Они забавлялись по-прежнему, и Ваврова рассказывала, что видела собственными глазами, как они в сумерках целовались. Возможно, что эта сплетня побудила отца Баси пойти к Кечеру, опекуну Фрица; они о чем-то долго совещались наедине, затем позвали Фрица, и разговор между ними продолжался еще несколько часов, но никто не слышал, о чем они говорили. В тот же вечер Фриц пришел в дом богатого купца и был веселее и развязнее, чем обыкновенно; он просидел весь вечер возле Баси и после этого начал ежедневно бывать в доме Свинягловы. Через неделю в городе заговорили о том, что Бася за него выходит замуж. Кто-то спросил Матертера, правда ли, что он женится?
– А кому какое до этого дело? – ответил он дерзко. – Разве я женюсь для кого-нибудь, а не для себя?
Родственники матери и некоторые из семьи Кечера начали отговаривать Фрица от женитьбы, указывая на легкомыслие девушки, о которой ходили разные слухи; но на все их доводы Фриц только пожимал плечами и ни слова не отвечал.

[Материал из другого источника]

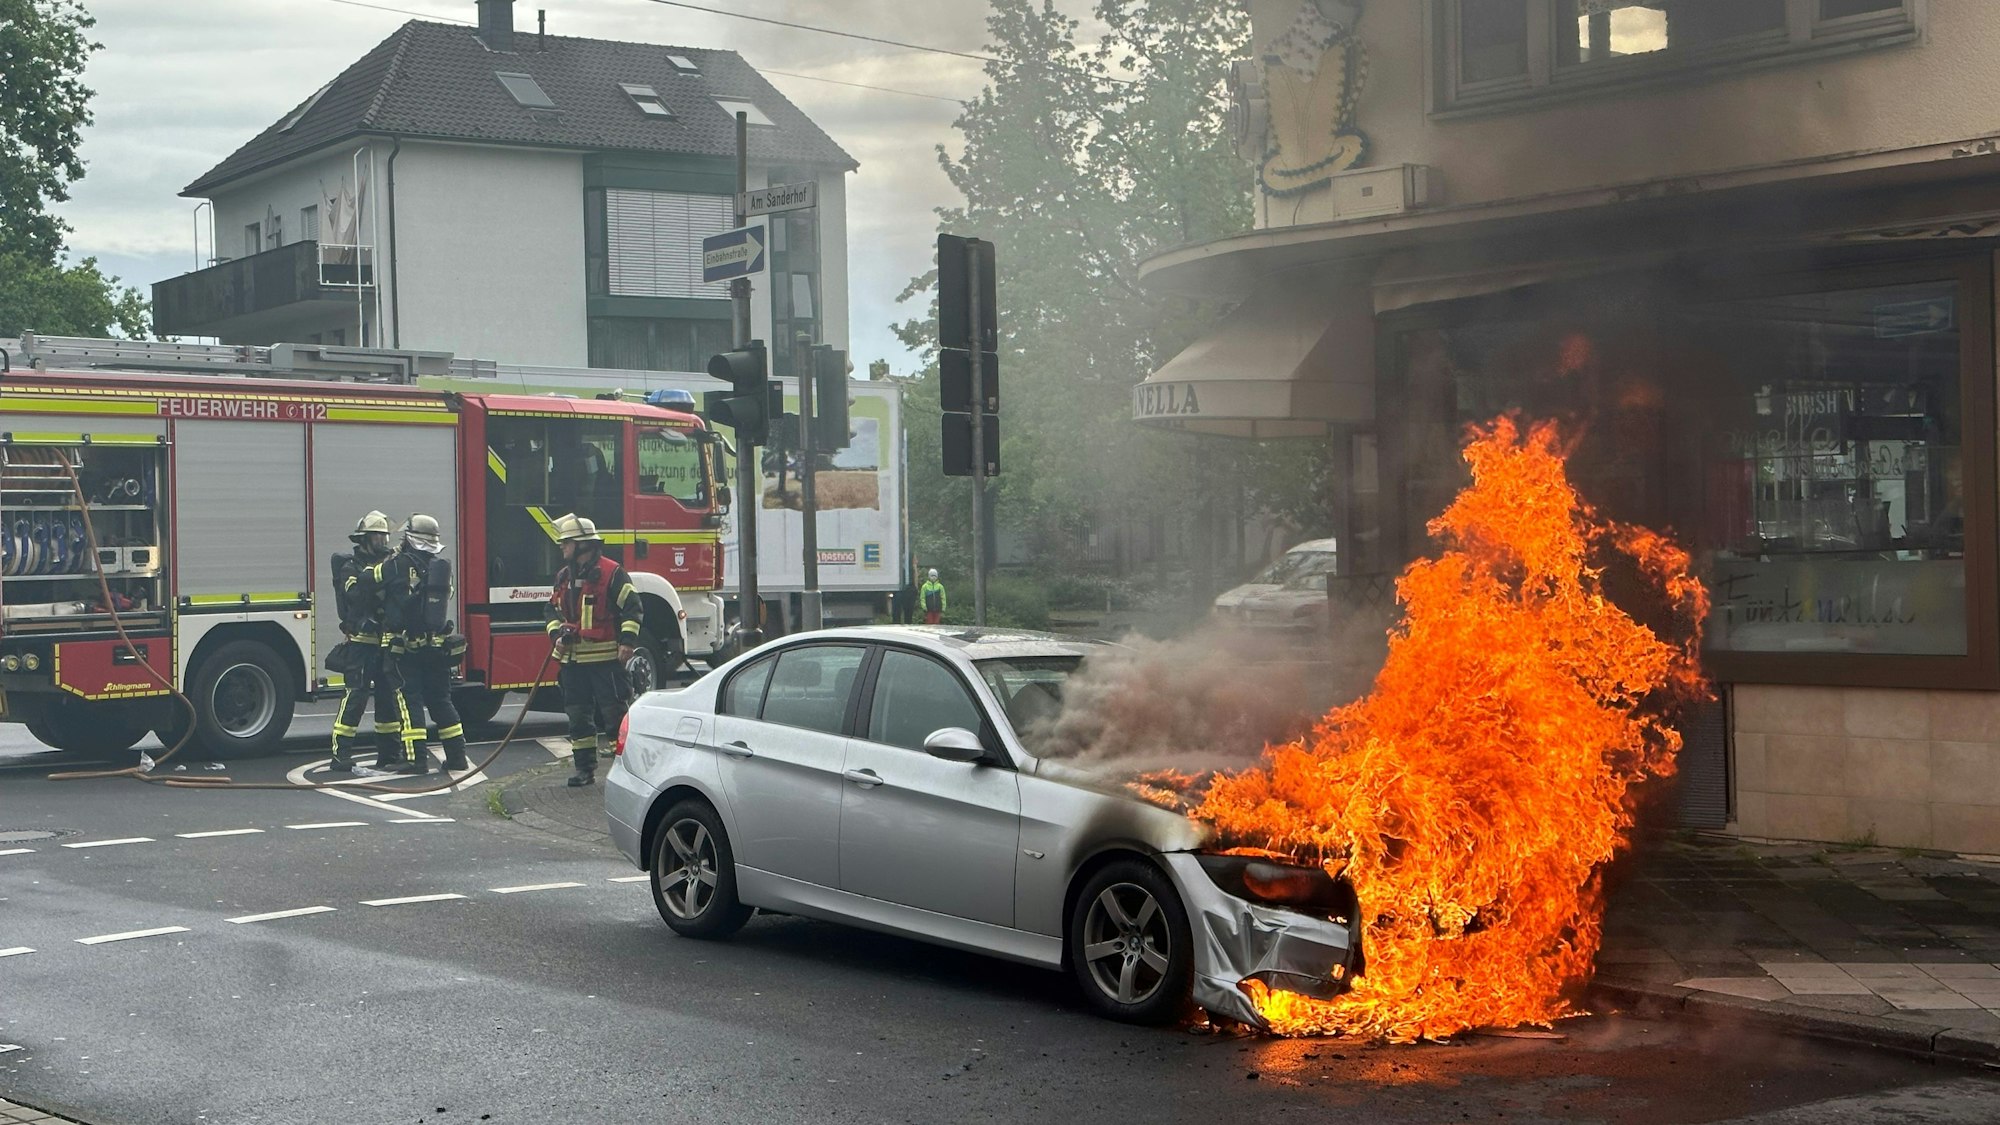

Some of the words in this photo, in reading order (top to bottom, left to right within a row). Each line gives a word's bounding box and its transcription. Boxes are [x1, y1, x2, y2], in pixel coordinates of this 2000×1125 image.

[750, 196, 763, 210] Am
[766, 187, 807, 208] Sanderhof
[706, 246, 748, 264] Einbahnstraße
[157, 398, 279, 418] FEUERWEHR
[300, 403, 327, 419] 112
[1135, 384, 1200, 417] NELLA
[103, 682, 151, 692] Schlingmann
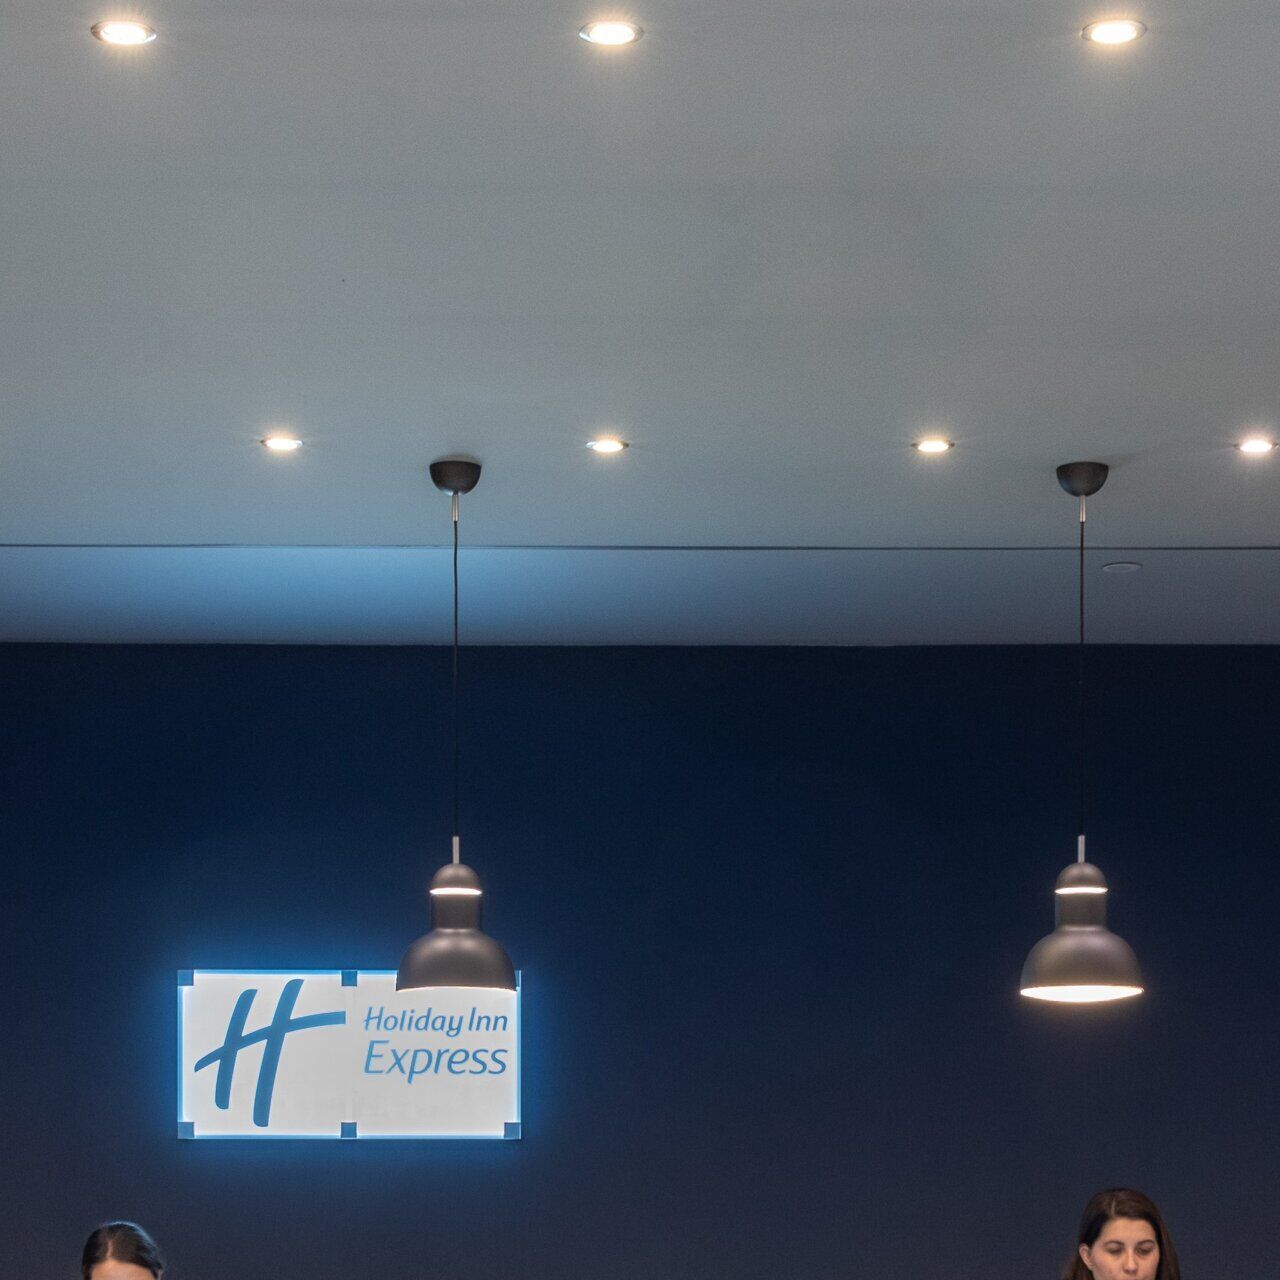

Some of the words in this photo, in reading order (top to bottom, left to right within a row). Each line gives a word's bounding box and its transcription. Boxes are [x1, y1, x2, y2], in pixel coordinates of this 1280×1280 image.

В городе уже трубили о свадьбе… Говорили, что Свиняглова собирается ее отпраздновать тотчас же после святок, и что у него в доме к этому уже готовятся. А свадьбу предполагали устроить богатую и пышную, какой Краков уже давно не видел.
В те времена существовали законы, запрещавшие мещанам выставлять свое богатство напоказ; во время свадебного пира нельзя было подать к столу больше тридцати суповых мисок, считая одну для трех человек, и не больше пяти блюд; запрещалось пригласить более восьми шутов и т.п.
; но Свиняглова и не думал придерживаться этих обычаев, зная хорошо, что никто на него жаловаться не будет, и что те, которые будут веселиться на свадебном пиршестве его дочери, не превратятся в его обвинителей.
На свадьбу были приглашены выдающиеся мещане с их семьями и родственниками, родственники Матертера, Кечера, Свинягловы, разные чиновники, а из придворных – Добек, Кохан и двое из семьи Задоры. Случилось так, что ксендз Баричка должен был присутствовать на свадьбе, потому что он когда-то совершил обряд крещения над Басей, а также потому, что его связывали с этим домом другие духовные узы.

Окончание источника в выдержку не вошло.